[Records from a data source]
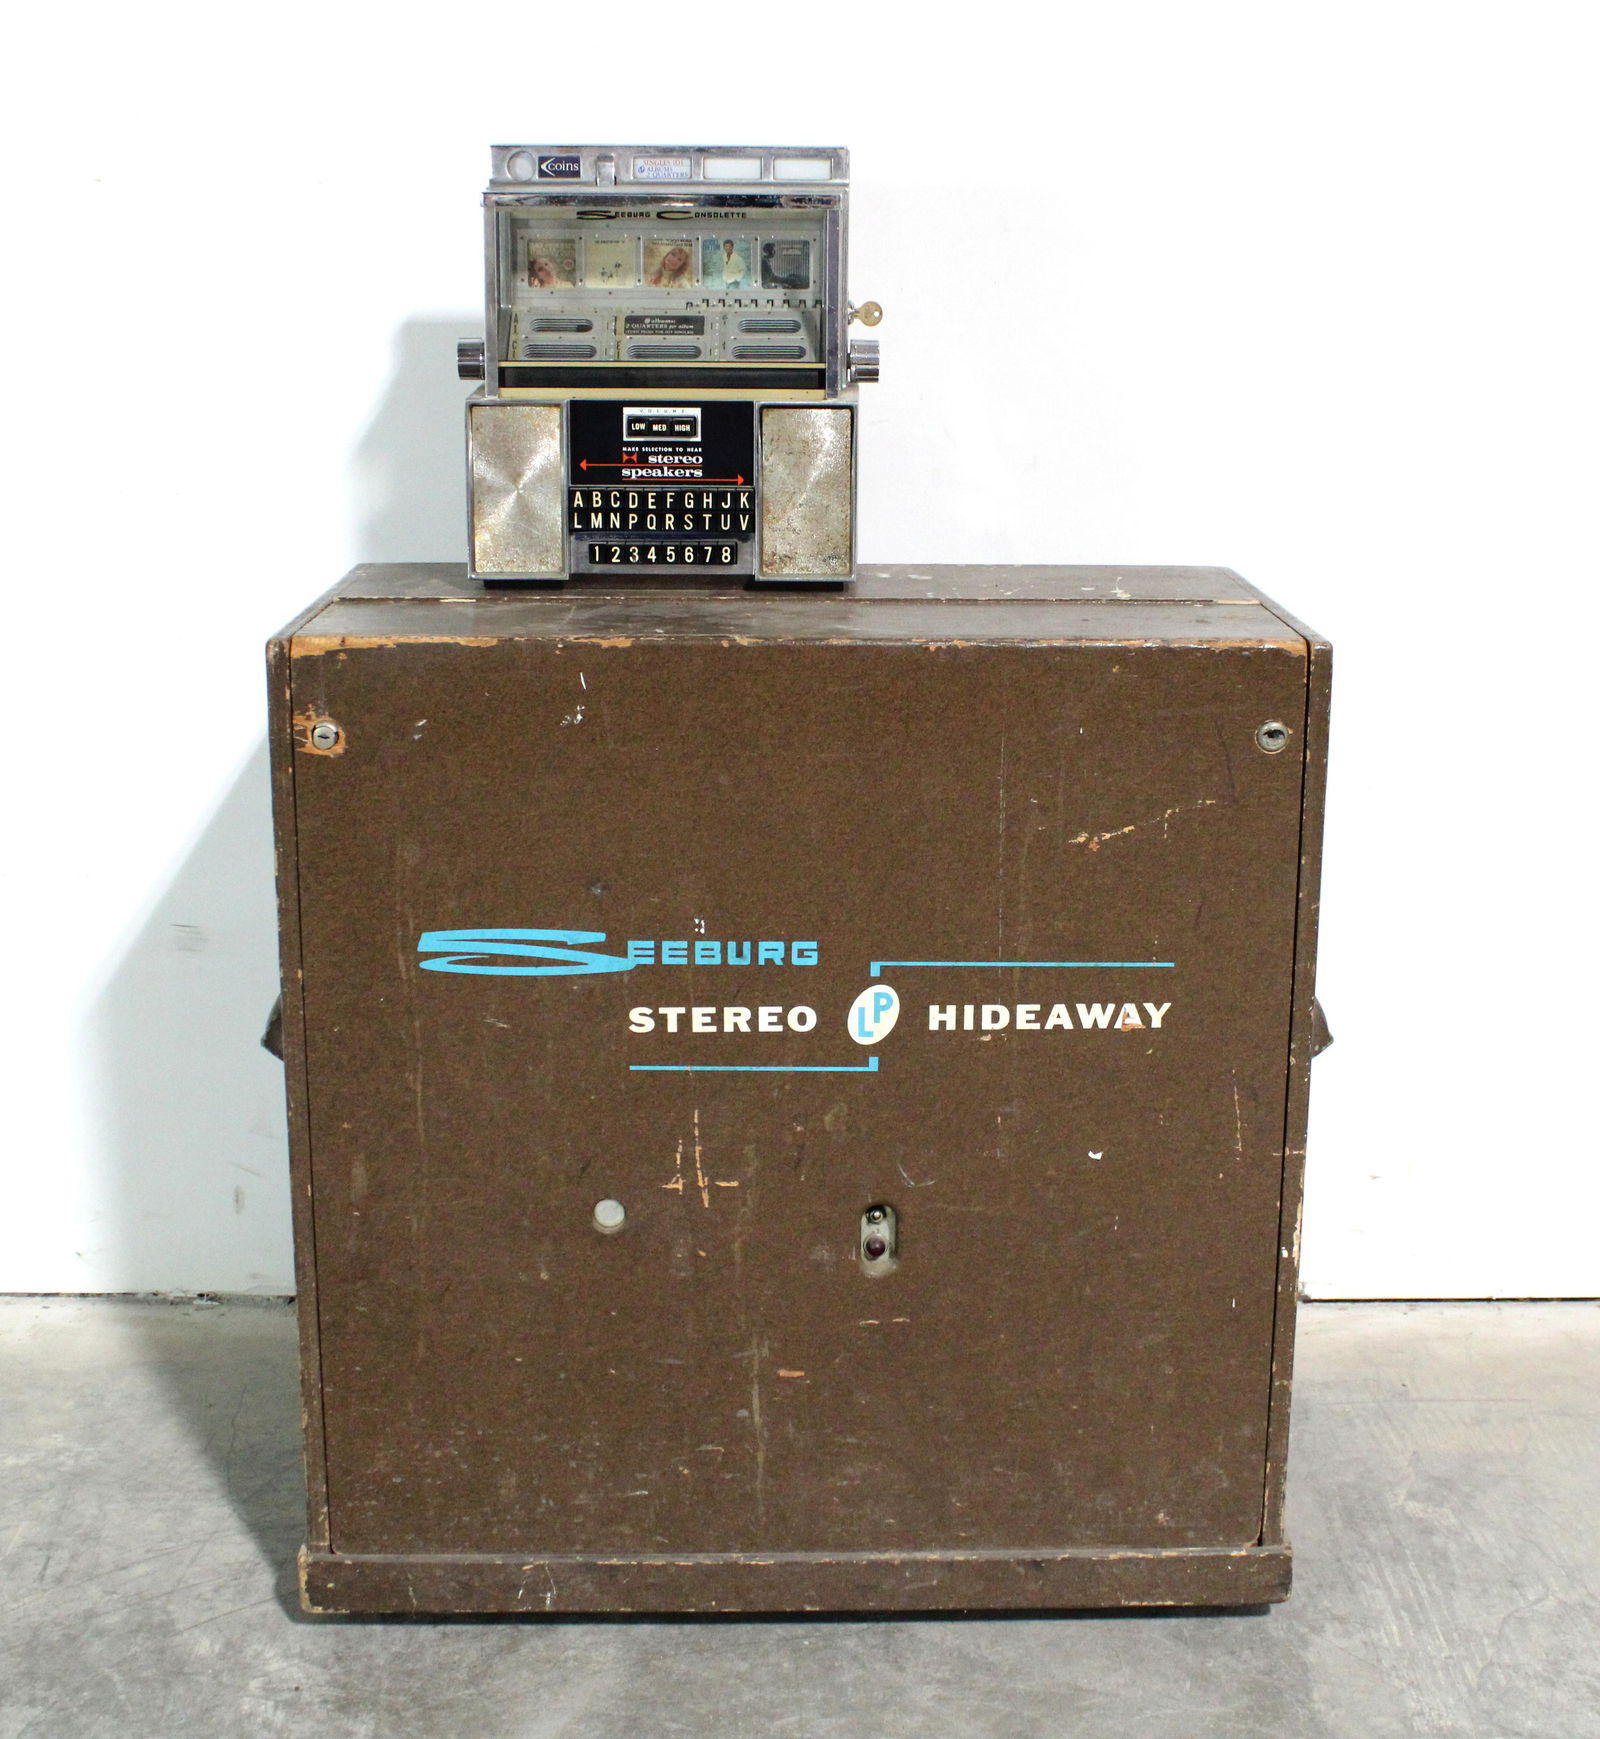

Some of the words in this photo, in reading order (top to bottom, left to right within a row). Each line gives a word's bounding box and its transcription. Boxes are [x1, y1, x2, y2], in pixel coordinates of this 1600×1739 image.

[548, 160, 579, 171] coins
[576, 210, 651, 220] SEEBURG
[656, 210, 748, 220] CONSOLETTE
[674, 424, 691, 432] HIGH
[648, 454, 703, 464] stereo
[621, 466, 703, 479] speakers
[574, 491, 583, 507] A
[593, 492, 601, 507] B
[611, 492, 620, 507] C
[629, 492, 638, 508] D
[648, 493, 656, 509] E
[667, 493, 675, 508] F
[685, 492, 693, 508] G
[703, 493, 712, 508] H
[722, 493, 730, 508] J
[741, 492, 749, 508] K
[574, 513, 582, 528] L
[591, 513, 602, 528] M
[610, 513, 620, 528] N
[629, 514, 638, 530] P
[647, 514, 656, 530] Q
[666, 514, 674, 530] R
[684, 514, 693, 530] S
[703, 514, 712, 530] T
[721, 515, 730, 530] U
[740, 515, 749, 530] V
[595, 547, 599, 562] 1
[612, 547, 620, 562] 2
[630, 547, 638, 562] 3
[648, 547, 656, 562] 4
[667, 547, 675, 562] 5
[685, 547, 693, 562] 6
[704, 547, 712, 562] 7
[722, 547, 730, 562] 8
[417, 928, 818, 976] SEEBURG
[628, 1005, 818, 1034] STEREO
[858, 991, 894, 1037] LP
[928, 1002, 1172, 1031] HIDEAWAY

**Task to complete**
Repeat the data word for word, minus any pictures.

**Response**
Some of the words in this photo, in reading order (top to bottom, left to right within a row). Each line gives a word's bounding box and its transcription. Boxes are [x1, y1, x2, y2], in pixel coordinates of this 1600×1739 image.

[548, 160, 579, 171] coins
[576, 210, 651, 220] SEEBURG
[656, 210, 748, 220] CONSOLETTE
[674, 424, 691, 432] HIGH
[648, 454, 703, 464] stereo
[621, 466, 703, 479] speakers
[574, 491, 583, 507] A
[593, 492, 601, 507] B
[611, 492, 620, 507] C
[629, 492, 638, 508] D
[648, 493, 656, 509] E
[667, 493, 675, 508] F
[685, 492, 693, 508] G
[703, 493, 712, 508] H
[722, 493, 730, 508] J
[741, 492, 749, 508] K
[574, 513, 582, 528] L
[591, 513, 602, 528] M
[610, 513, 620, 528] N
[629, 514, 638, 530] P
[647, 514, 656, 530] Q
[666, 514, 674, 530] R
[684, 514, 693, 530] S
[703, 514, 712, 530] T
[721, 515, 730, 530] U
[740, 515, 749, 530] V
[595, 547, 599, 562] 1
[612, 547, 620, 562] 2
[630, 547, 638, 562] 3
[648, 547, 656, 562] 4
[667, 547, 675, 562] 5
[685, 547, 693, 562] 6
[704, 547, 712, 562] 7
[722, 547, 730, 562] 8
[417, 928, 818, 976] SEEBURG
[628, 1005, 818, 1034] STEREO
[858, 991, 894, 1037] LP
[928, 1002, 1172, 1031] HIDEAWAY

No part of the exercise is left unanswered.